The network remains a bottleneck in the provisioning of applications and services, making SDN and NFV in tandem DevOps automation a seemingly ideal solution. According to research from IDC, Sopheon and Enterprise Research Associates, inefficient manual processes for reconfiguring infrastructure to accommodate change is still a pain point at almost 40 percent of organizations. Slow provisioning and high costs for networking are also widespread issues.

"SDN can complement the cultural change that DevOps provides."

In response, carriers have looked at setting up virtual labs and turning physical labs into "clouds" in order to move toward infrastructure that is matched to agile DevOps processes. At the same time, they are focused on handling cultural evolution and ensuring that they DevOps that can support network topologies in addition to compute (the main/only concept supported by most cloud platforms).

"SDN today really is (or should be) a subset of DevOps, focusing on network infrastructure operations rather than app infrastructure operations," explained F5's Lori MacVittie in a post for DevOps.com. "But the same principles and goals are very much aligned between DevOps and SDN, between the network and the application infrastructure. That's a critical convergence starting to appear that's necessary, as when you dig into IT and its problems delivering apps on time these days, it's mostly the network that's still in the way."

DevOps creates a culture for effective SDN
Settling on a definition for DevOps can be tricky, since the movement is more about abstract concepts like collaboration than concrete technical solutions. Still, the typical DevOps pillars of working together and breaking down organizational silos have readily apparent benefits for any SDN implementation.

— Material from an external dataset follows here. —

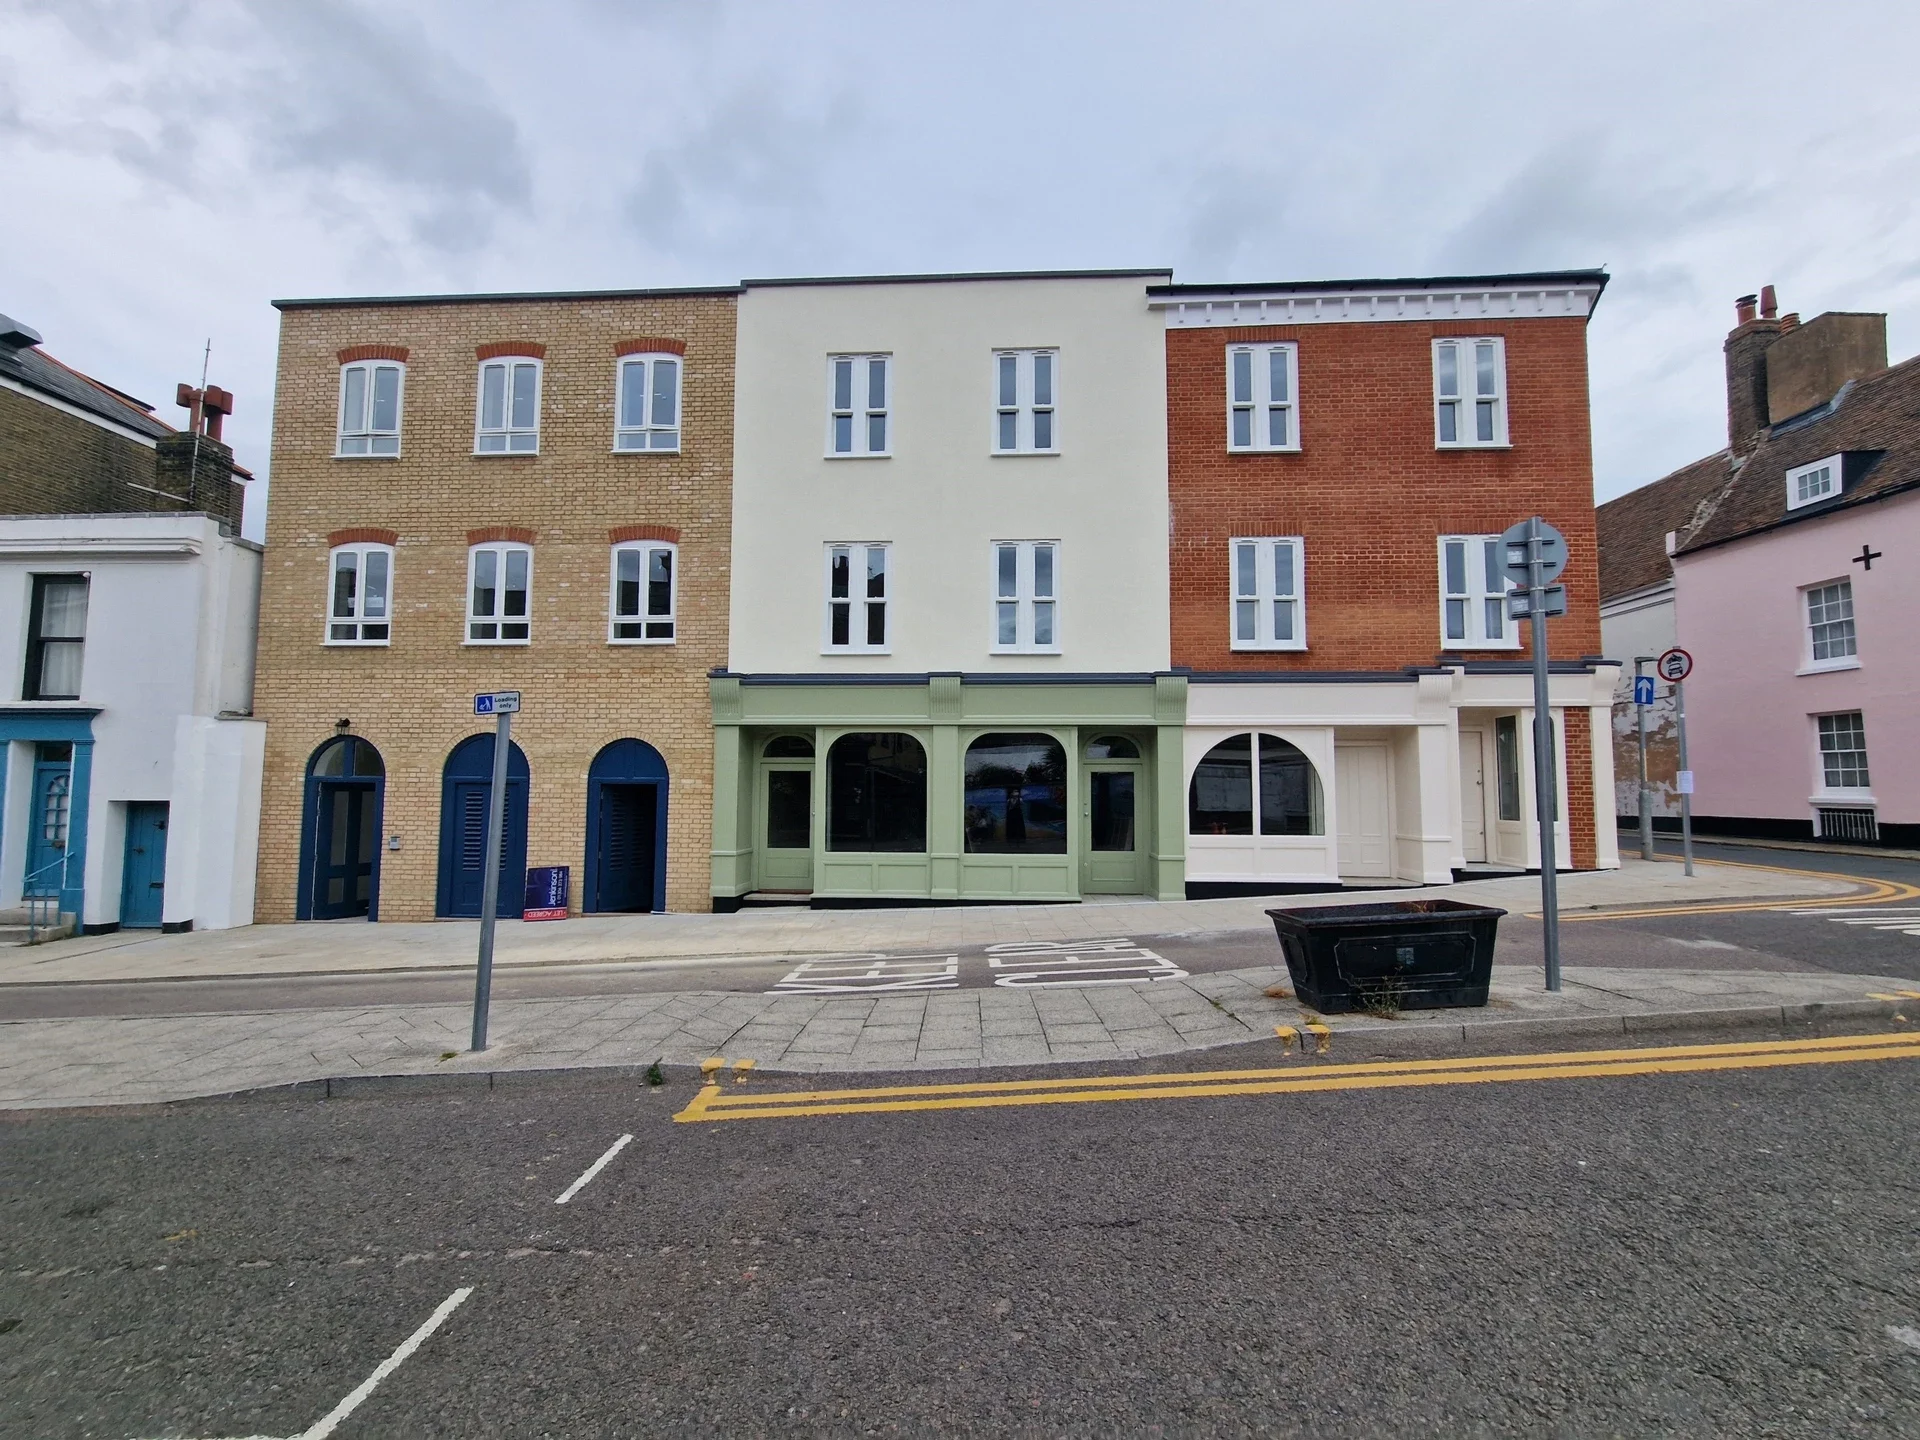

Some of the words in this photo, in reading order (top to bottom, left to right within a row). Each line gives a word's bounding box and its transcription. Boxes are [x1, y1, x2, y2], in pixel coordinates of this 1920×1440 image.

[548, 870, 557, 906] Jenkinson
[763, 953, 959, 995] KEEP
[984, 938, 1189, 987] CLEAR

Collaboration through a DevOps culture can support successful SDN implementation.Collaboration through a DevOps culture can support successful SDN implementation.

Under DevOps, network engineers and application infrastructure teams can be brought together to manage the increasingly important relationship between the network at large and the specific applications it supports. Time to market for new services and products can be greatly reduced, since infrastructure can be further automated and traditional bottlenecks - e.g., relying on fragile scripts or being beholden to the expertise of a few programmers on teams with many non-programmers - can be removed.

The takeaway: One of the major benefits of implementing SDN is the opportunity it creates for establishing a DevOps culture to handle the change. In a way, SDN and DevOps are complementary. The impetus for DevOps can arise from the need to evolve infrastructure for SDN, plus the ongoing use of DevOps practices can fuel the success of an SDN implementation. A cloud platform such as QualiSystems CloudShell is essential for setting up DevOps automation as carriers transition from legacy to SDN.